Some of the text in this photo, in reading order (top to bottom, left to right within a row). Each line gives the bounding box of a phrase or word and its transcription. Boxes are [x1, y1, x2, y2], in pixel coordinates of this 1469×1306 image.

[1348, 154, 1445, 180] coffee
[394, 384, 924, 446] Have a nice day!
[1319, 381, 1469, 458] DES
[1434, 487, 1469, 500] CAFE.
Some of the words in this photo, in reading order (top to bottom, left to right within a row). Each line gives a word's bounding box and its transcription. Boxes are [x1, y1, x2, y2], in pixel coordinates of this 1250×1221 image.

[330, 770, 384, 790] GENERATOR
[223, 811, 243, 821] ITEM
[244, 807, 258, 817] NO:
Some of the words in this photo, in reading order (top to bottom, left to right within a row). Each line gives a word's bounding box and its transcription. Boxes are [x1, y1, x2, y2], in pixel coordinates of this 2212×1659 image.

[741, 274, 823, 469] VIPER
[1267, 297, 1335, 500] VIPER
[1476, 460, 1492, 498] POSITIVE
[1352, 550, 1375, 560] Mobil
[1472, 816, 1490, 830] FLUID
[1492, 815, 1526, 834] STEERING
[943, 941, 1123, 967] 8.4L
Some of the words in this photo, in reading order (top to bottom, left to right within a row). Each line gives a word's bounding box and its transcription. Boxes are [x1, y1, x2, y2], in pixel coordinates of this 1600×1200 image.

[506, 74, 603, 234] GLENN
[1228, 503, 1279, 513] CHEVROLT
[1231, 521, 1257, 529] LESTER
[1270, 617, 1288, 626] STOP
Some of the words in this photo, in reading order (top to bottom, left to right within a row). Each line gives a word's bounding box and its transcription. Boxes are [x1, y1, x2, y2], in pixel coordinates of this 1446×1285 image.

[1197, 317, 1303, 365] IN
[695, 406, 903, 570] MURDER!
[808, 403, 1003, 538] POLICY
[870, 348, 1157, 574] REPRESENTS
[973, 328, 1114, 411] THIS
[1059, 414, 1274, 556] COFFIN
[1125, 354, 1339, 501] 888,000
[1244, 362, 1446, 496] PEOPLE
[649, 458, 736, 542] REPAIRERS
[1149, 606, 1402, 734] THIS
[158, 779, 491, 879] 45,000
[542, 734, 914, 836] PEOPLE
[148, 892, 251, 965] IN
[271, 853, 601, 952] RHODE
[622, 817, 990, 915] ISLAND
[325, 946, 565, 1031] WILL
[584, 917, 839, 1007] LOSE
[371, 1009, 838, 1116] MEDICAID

**YOUR INSTRUCTIONS**
Retype the data in full, and keep every line identical to the original.

**EXERCISE ANSWER**
Some of the text in this photo, in reading order (top to bottom, left to right within a row). Each line gives the bounding box of a phrase or word and its transcription. Boxes are [x1, y1, x2, y2], in pixel coordinates of this 1469×1306 image.

[1348, 154, 1445, 180] coffee
[394, 384, 924, 446] Have a nice day!
[1319, 381, 1469, 458] DES
[1434, 487, 1469, 500] CAFE.
Some of the words in this photo, in reading order (top to bottom, left to right within a row). Each line gives a word's bounding box and its transcription. Boxes are [x1, y1, x2, y2], in pixel coordinates of this 1250×1221 image.

[330, 770, 384, 790] GENERATOR
[223, 811, 243, 821] ITEM
[244, 807, 258, 817] NO:
Some of the words in this photo, in reading order (top to bottom, left to right within a row). Each line gives a word's bounding box and its transcription. Boxes are [x1, y1, x2, y2], in pixel coordinates of this 2212×1659 image.

[741, 274, 823, 469] VIPER
[1267, 297, 1335, 500] VIPER
[1476, 460, 1492, 498] POSITIVE
[1352, 550, 1375, 560] Mobil
[1472, 816, 1490, 830] FLUID
[1492, 815, 1526, 834] STEERING
[943, 941, 1123, 967] 8.4L
Some of the words in this photo, in reading order (top to bottom, left to right within a row). Each line gives a word's bounding box and its transcription. Boxes are [x1, y1, x2, y2], in pixel coordinates of this 1600×1200 image.

[506, 74, 603, 234] GLENN
[1228, 503, 1279, 513] CHEVROLT
[1231, 521, 1257, 529] LESTER
[1270, 617, 1288, 626] STOP
Some of the words in this photo, in reading order (top to bottom, left to right within a row). Each line gives a word's bounding box and its transcription. Boxes are [x1, y1, x2, y2], in pixel coordinates of this 1446×1285 image.

[1197, 317, 1303, 365] IN
[695, 406, 903, 570] MURDER!
[808, 403, 1003, 538] POLICY
[870, 348, 1157, 574] REPRESENTS
[973, 328, 1114, 411] THIS
[1059, 414, 1274, 556] COFFIN
[1125, 354, 1339, 501] 888,000
[1244, 362, 1446, 496] PEOPLE
[649, 458, 736, 542] REPAIRERS
[1149, 606, 1402, 734] THIS
[158, 779, 491, 879] 45,000
[542, 734, 914, 836] PEOPLE
[148, 892, 251, 965] IN
[271, 853, 601, 952] RHODE
[622, 817, 990, 915] ISLAND
[325, 946, 565, 1031] WILL
[584, 917, 839, 1007] LOSE
[371, 1009, 838, 1116] MEDICAID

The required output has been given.